Martin Luther King and the Spiritual Death of a Nation | Sojourners

Martin Luther King and the Spiritual Death of a Nation

Today is the 43rd anniversary of the martyrdom of Martin Luther King Jr. Although I never met him, I value his life and teachings more and more each year.

One year before his death on this day, he delivered his now famous speech at Riverside Church in New York City, his decisive break with the war in Vietnam. He noted that "America would never invest the necessary funds or energies in rehabilitation of its poor so long as adventures like Vietnam continued to draw men and skills and money like some demonic destructive suction tube," and concluded that "a nation that continues year after year to spend more money on military defense than on programs of social uplift is approaching spiritual death."
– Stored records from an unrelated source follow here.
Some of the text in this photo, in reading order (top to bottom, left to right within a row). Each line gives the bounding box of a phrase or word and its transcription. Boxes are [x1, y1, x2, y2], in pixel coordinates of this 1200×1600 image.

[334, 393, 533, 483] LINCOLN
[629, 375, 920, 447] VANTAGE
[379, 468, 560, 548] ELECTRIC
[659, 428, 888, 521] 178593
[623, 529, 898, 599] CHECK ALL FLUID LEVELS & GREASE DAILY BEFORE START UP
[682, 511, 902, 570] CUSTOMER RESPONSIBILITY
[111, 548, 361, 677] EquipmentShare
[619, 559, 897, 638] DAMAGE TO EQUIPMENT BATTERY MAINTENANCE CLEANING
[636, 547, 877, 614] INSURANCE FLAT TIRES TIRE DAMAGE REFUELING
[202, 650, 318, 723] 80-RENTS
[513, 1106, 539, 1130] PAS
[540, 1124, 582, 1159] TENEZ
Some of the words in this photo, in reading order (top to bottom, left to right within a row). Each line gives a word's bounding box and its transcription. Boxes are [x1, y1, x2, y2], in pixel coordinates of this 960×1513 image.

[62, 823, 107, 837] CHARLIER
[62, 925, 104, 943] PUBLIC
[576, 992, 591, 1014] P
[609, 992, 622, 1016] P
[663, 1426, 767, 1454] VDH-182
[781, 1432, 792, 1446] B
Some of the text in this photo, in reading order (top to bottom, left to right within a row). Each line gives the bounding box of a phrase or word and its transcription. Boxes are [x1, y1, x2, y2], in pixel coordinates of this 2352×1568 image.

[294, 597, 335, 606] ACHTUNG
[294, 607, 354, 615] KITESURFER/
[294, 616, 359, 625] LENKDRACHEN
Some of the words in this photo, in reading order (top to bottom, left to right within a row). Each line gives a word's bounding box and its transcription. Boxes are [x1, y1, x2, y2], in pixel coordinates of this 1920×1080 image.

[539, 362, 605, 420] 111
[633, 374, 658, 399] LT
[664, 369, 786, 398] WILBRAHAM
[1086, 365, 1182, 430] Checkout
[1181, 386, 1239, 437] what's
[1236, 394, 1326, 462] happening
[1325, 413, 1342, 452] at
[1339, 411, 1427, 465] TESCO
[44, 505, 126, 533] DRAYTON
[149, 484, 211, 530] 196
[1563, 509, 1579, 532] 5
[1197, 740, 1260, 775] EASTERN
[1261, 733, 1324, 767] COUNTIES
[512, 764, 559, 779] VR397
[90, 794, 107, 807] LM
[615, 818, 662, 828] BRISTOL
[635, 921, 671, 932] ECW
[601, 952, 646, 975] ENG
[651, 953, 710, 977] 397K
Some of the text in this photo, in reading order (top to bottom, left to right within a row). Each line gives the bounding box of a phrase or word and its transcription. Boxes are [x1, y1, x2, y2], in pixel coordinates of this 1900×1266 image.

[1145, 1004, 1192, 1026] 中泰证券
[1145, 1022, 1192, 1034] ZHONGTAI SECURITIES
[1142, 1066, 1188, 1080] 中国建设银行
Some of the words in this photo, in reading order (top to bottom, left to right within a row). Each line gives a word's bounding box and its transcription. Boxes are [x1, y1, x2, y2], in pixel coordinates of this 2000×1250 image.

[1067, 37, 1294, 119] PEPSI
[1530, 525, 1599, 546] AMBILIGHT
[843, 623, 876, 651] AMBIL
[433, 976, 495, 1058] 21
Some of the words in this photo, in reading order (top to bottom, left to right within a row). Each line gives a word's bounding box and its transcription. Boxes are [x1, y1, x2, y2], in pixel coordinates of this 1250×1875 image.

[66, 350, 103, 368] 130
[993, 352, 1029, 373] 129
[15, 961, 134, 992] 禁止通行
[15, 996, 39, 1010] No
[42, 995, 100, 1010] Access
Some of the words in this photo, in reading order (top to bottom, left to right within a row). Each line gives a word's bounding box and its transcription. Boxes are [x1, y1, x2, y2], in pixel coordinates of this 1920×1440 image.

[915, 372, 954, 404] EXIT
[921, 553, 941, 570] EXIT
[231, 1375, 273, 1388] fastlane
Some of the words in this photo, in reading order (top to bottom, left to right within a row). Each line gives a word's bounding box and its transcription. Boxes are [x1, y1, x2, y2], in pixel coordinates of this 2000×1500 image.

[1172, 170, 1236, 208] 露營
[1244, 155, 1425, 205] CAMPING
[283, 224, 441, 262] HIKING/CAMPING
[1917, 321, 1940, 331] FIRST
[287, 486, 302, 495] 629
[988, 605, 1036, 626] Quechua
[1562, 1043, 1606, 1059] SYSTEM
In this season of three wars drawing money from programs of social uplift, Dr. King would make the same, or an even stronger, observation. The current skirmish over the never-approved FY11 budget is only the beginning. Next on the congressional agenda is the president's proposed FY 2012 budget.

In that proposal, the portion that Congress votes on (discretionary spending) totals $1.3 trillion. Security spending -- including the Defense Department, the wars in Iraq and Afghanistan, and homeland security -- is $881 billion (65 percent of the budget), while all other spending -- health and human services, housing, education, etc. -- is $462 billion (35 percent of the budget). Not only is the military budget more than that of social programs, it is nearly twice as much.

On this anniversary of Martin Luther King Jr.'s assassination, it seems to me that the growing movement to pray, fast, and act for a moral budget that saves the safety net for the poor and vulnerable is a movement to save America's soul.

Duane Shank is senior policy advisor at Sojourners.